Gov. Cuomo sexually harassed multiple women, probe finds
The nearly five-month investigation found that the Cuomo administration was a “hostile work environment” and that it was “rife with fear and intimidation.”
An investigation into New York Gov. Andrew Cuomo found that he sexually harassed multiple current and former state government employees, state Attorney General Letitia James announced Tuesday.
The nearly five-month investigation, conducted by two outside lawyers who spoke to 179 people, found that the Cuomo administration was a “hostile work environment” and that it was “rife with fear and intimidation.”
“Specifically, the investigation found that Gov. Andrew Cuomo sexually harassed current and former New York State employees by engaging in unwelcome and nonconsensual touching and making numerous offensive comments of a suggestive sexual nature, that created a hostile work environment for women,” James said at a press conference on Tuesday.
On at least one occasion, the investigation found, Cuomo and his senior staff worked to retaliate against a former employee who accused him of wrongdoing. Cuomo was also found to have harassed women outside of government, the investigation found.

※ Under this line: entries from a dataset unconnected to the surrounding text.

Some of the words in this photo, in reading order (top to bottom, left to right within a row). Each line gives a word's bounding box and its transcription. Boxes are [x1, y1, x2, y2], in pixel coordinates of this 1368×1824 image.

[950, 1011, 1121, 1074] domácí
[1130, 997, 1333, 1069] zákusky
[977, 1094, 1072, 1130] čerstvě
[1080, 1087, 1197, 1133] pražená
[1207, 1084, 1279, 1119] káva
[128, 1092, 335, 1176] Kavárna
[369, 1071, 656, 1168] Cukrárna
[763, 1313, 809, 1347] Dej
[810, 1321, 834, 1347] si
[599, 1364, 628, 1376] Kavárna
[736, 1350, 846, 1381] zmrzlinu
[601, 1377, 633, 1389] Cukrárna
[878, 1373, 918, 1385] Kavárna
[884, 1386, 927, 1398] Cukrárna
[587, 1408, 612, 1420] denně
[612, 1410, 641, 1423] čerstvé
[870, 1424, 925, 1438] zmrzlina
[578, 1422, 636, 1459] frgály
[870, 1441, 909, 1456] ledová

Cuomo faced multiple allegations last winter that he inappropriately touched and sexually harassed women who worked with him or who he met at public events. One aide in his office said he groped her breast.

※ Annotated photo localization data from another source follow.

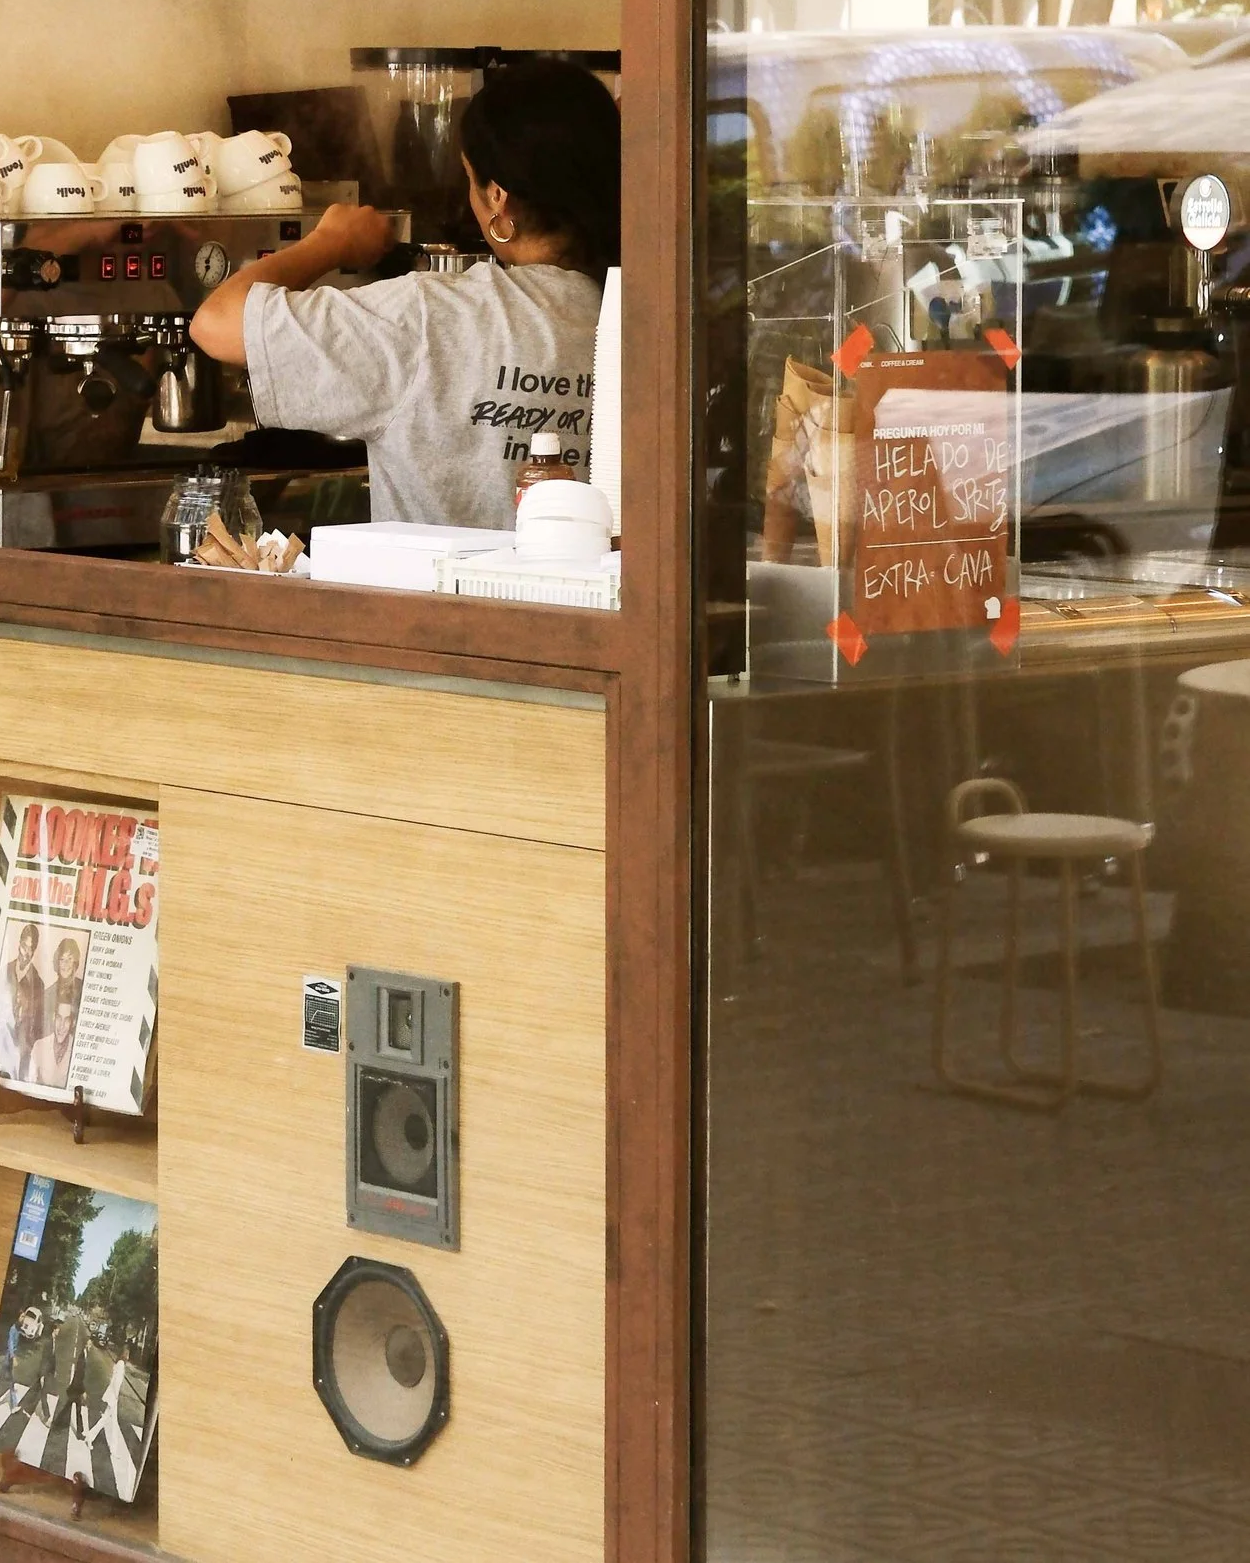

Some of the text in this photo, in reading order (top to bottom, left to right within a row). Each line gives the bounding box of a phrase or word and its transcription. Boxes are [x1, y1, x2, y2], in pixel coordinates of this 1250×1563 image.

[57, 187, 86, 198] fonik
[497, 365, 571, 396] I love
[471, 401, 585, 435] READY OR
[873, 427, 928, 441] PREGUNTA
[930, 424, 950, 437] HOY
[951, 424, 972, 436] POR
[875, 437, 1008, 482] HELADO DE
[863, 486, 948, 532] APEROL
[943, 549, 994, 590] CAVA

Another, Lindsey Boylan, said Cuomo kissed her on the lips after a meeting in his office and “would go out of his way to touch me on my lower back, arms and legs.”
After Boylan first made her allegations public in December, the Cuomo administration undercut her story by releasing personnel memos to media outlets revealing that Boylan resigned after she was confronted about complaints she belittled and yelled at her staff.
Boylan has said those records “were leaked to the media in an effort to smear me.”
Other aides have said that the Democratic governor asked them unwelcome personal questions about sex and dating. One former aide, Charlotte Bennett, said Cuomo asked if she was open to sex with an older man.
Last winter there was a chorus of calls for Cuomo’s resignation from many top elected Democrats in New York, including two U.S. senators, Chuck Schumer and Kirsten Gillibrand. But Cuomo refused to quit and has been raising money for a fourth term in office.
His position on the allegations has also hardened into one of defiance. Cuomo has always denied touching anyone inappropriately, but he initially said he was sorry if his behavior with women was “misinterpreted as unwanted flirtation.” In recent months, he’s taken a more combative tack, saying he did nothing wrong and questioning the motives of accusers and critics.
He has also questioned the neutrality of the lawyers hired by the attorney general to investigate the allegations. One of the attorneys, Joon Kim, was involved in previous investigations of corruption by people in Cuomo’s administration when he was a federal prosecutor in Manhattan. Cuomo hasn’t expressly said why he believes that would make Kim biased.
The attorney general’s report is expected to play an important role in an ongoing inquiry in the state Assembly into whether there are grounds for Cuomo to be impeached.
The Assembly hired its own legal team to investigate Cuomo’s conduct, plus other allegations of wrongdoing. The legislature is looking into the help Cuomo got from senior aides to write a book about the pandemic, special access that Cuomo relatives got to COVID-19 testing last year, and the administration’s decision to withhold some data on nursing home deaths from the public for several months.
Some members of the judiciary committee have said they expect James’ report to be “critical” for the impeachment investigation.
New York state regulations say sexual harassment includes unwelcome conduct of a sexual nature — from unwanted flirtation to sexual jokes — that creates an offensive work environment, regardless of a perpetrator’s intent.
The governor, in contrast, has repeatedly argued that he did not intend to harass anyone. His office has said he took the state’s mandated sexual harassment training, but has not provided any documentation proving he did.
Cuomo championed a landmark 2019 state law that made it easier for sexual harassment victims to prove their case in court. Alleged victims no longer have to meet the high bar of proving sexual harassment is “severe and pervasive.”